Voice-operated technology is also making online shopping more accessible: During the 11.11 Singles Day Global Shopping Festival last November, a popular Chinese marketplace took more than 1 million orders through voice command via an open-platform intelligent personal assistant.
Logistics – a core driver
New York and Hong Kong-based retail thinktank Coresight Research listed speedier logistics and order fulfilment as a key trend in Chinese e-commerce for 2000. We expect logistics providers to offer faster delivery by upgrading their logistics infrastructure and increasing capacity at bonded warehouses. Same-day delivery would then be possible for a broader range of products.
Cross-border challenges and opportunities
With more and more regional and trade deals being negotiated between governments and trading blocs, it has become more attractive for SMEs to expand into new markets.
Logistics companies can help local retailers go global by shipping their products internationally faster. Experienced logistics service providers are dealing with customs departments and other regulatory authorities on a daily basis, providing businesses with established clearance solutions. When it comes to markets like Europe or the Americas, they are well placed to smooth the way for Asian e-commerce companies to develop trans-continental trading partnerships and to ship to markets which are not previously practicable.
Software like FedEx Ship Manager that can be integrated with retailer’s platform also makes it easier for cross-border e-commerce companies to go through the tax refund and foreign-exchange settlement procedures, helping them keep track of export transaction records. With this, businesses will be able to make the most of regional trade deals or localized cross-border agreements designed to encourage trade and cross-border commerce.
Trust and speed
Here is where an experienced and efficient logistics partner plays a huge part in customer satisfaction and thus loyalty: If a retailer commits to a certain delivery date of a product, it must honor the commitment. Delays frustrate consumers and would potentially lead to cancelled orders as they seek an item somewhere else. A reputable distribution partner can reduce the risk of delivery problems by offering shipment personalization options such as delivery notifications, have shipments delivered to a secure location and more – to suit the customer’s needs.
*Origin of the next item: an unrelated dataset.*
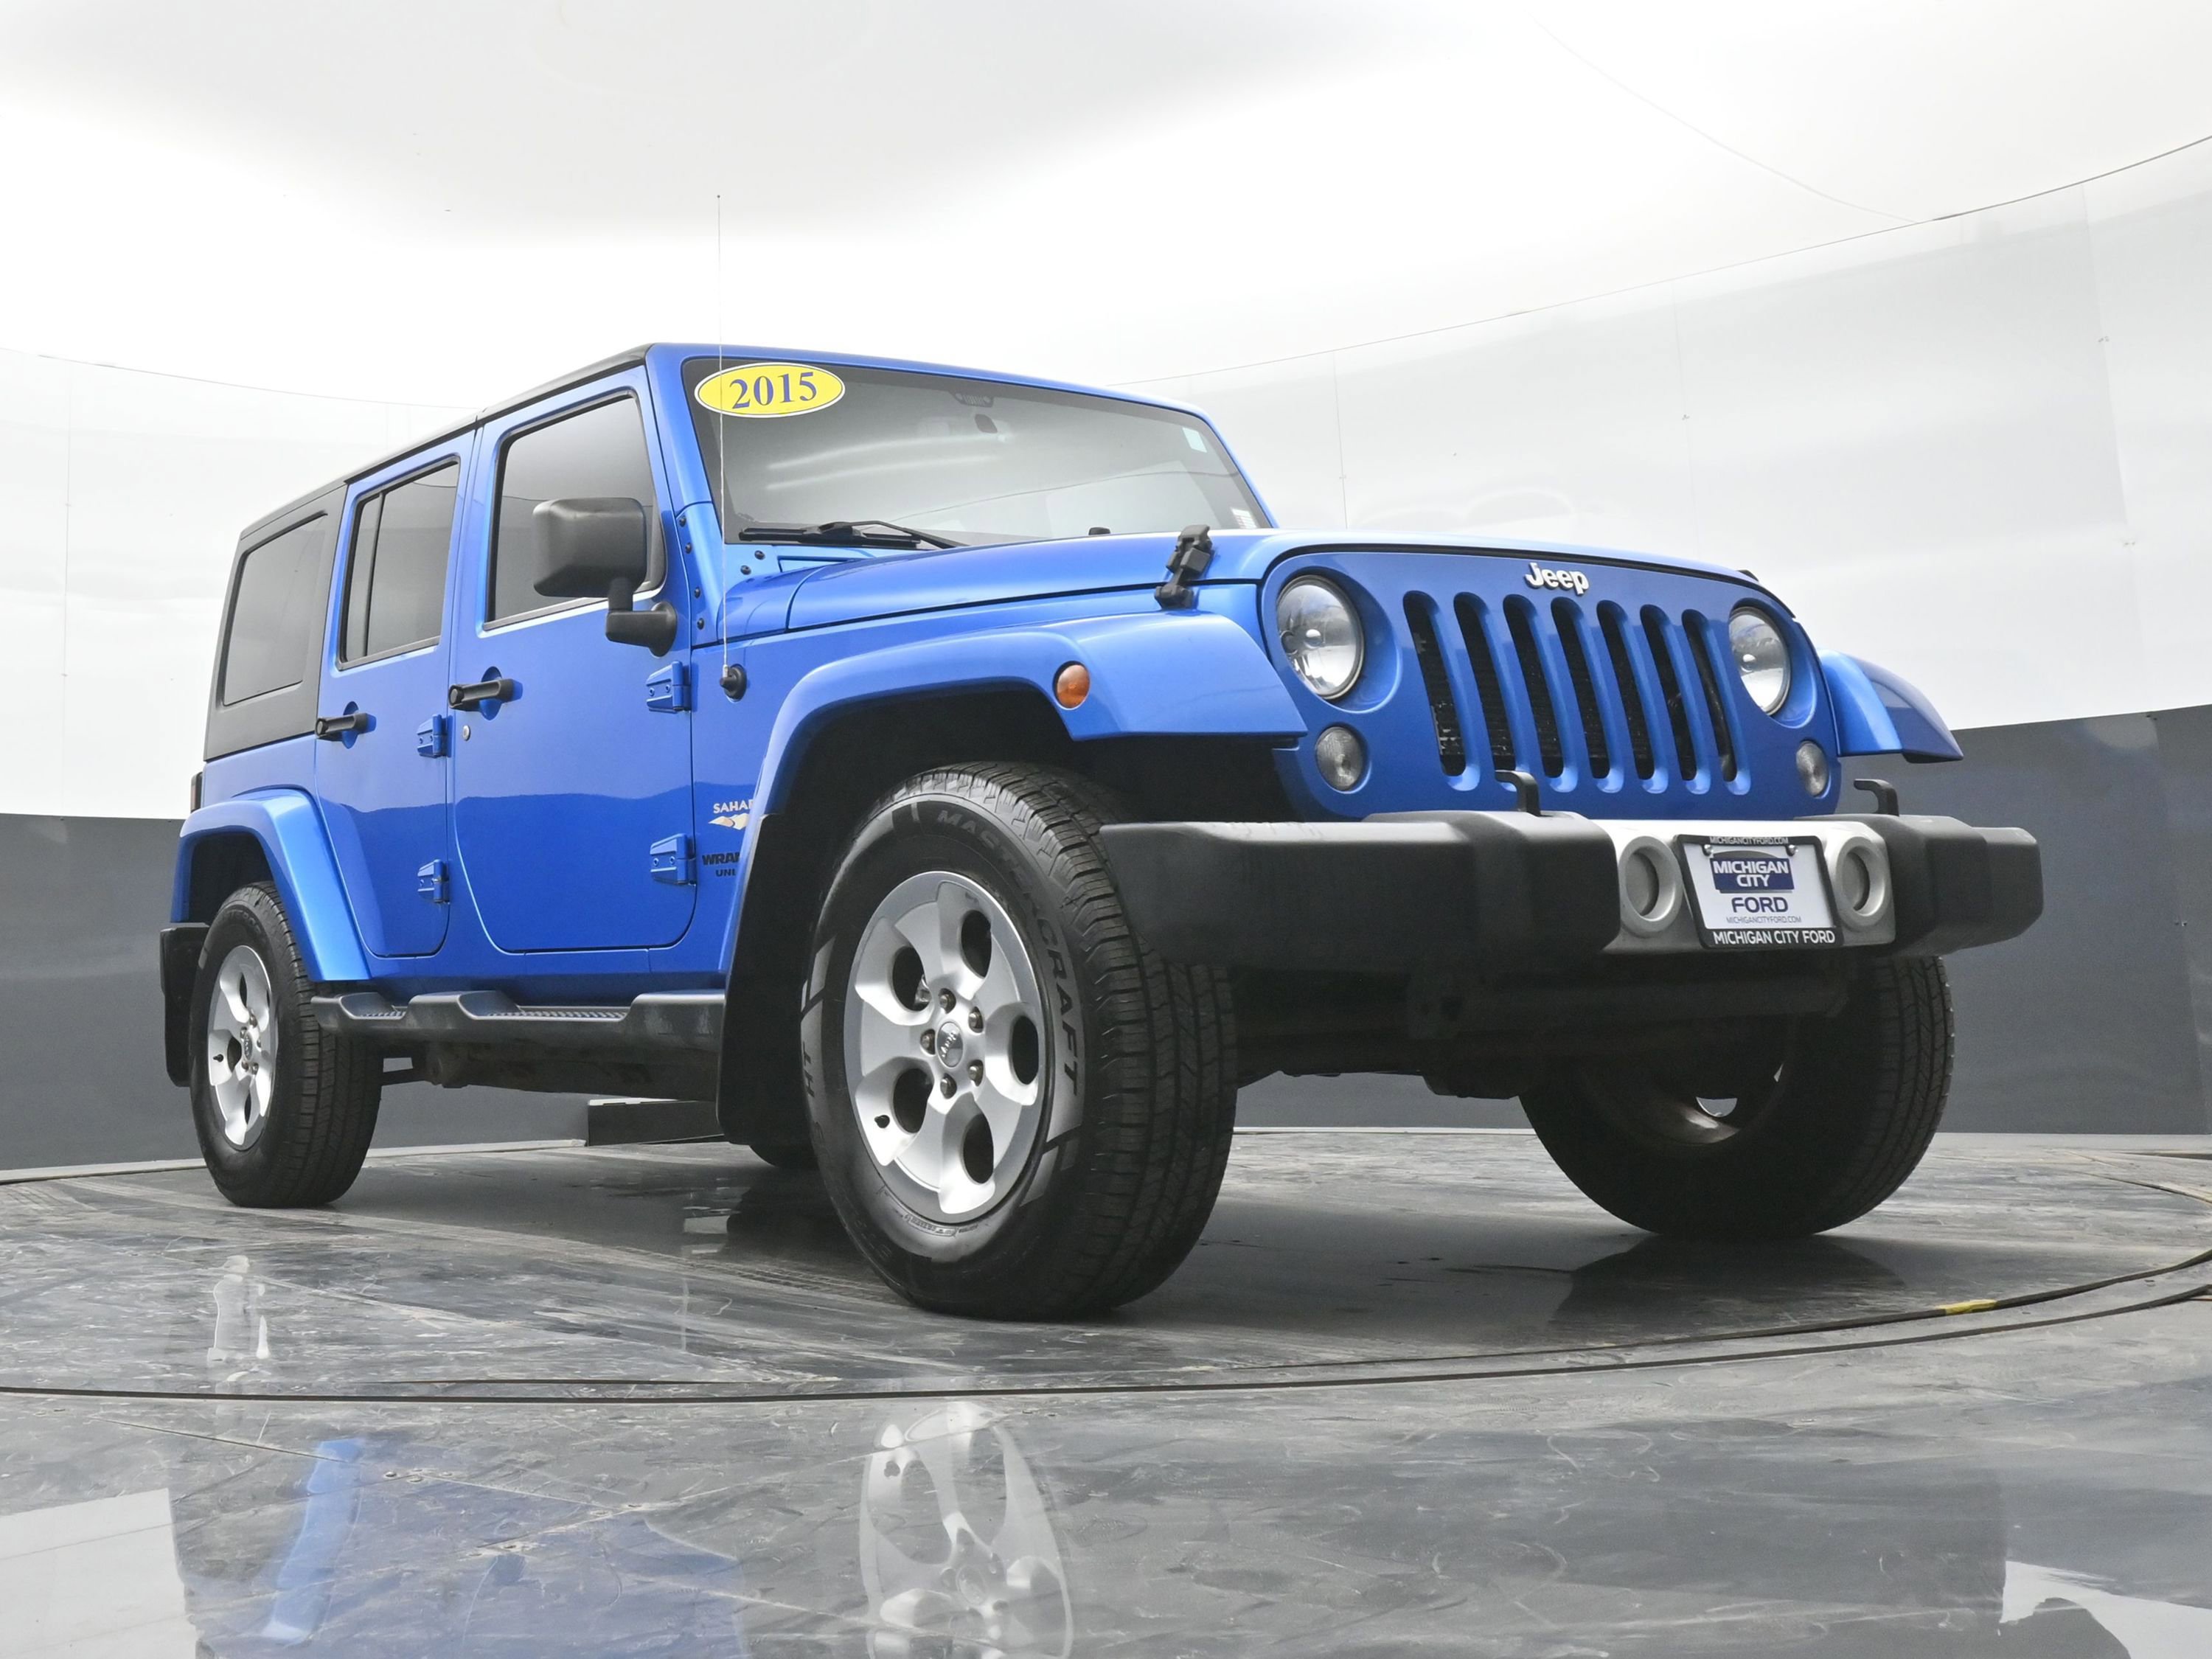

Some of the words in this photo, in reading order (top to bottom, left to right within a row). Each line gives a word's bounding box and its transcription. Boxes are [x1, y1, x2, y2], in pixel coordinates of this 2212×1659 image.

Consumers – especially millennials and their successors from Gen Y and Z – expect instant gratification. If they like something, they want it there and then. This is nowadays being referred to as the “on-demand economy” and here logistics is absolutely critical to satisfying customer expectations. There is evidence that consumers will pay more for speedy deliveries.
A recent study found that 43 per cent of Gen Z, 28 per cent of millennials and 18 per cent of Gen X consumers believe the faster you can purchase something, the better the vendor or product is. As one commentator observed, “that might not be totally fair, but that’s the reality of this new omnichannel world of payments and commerce”.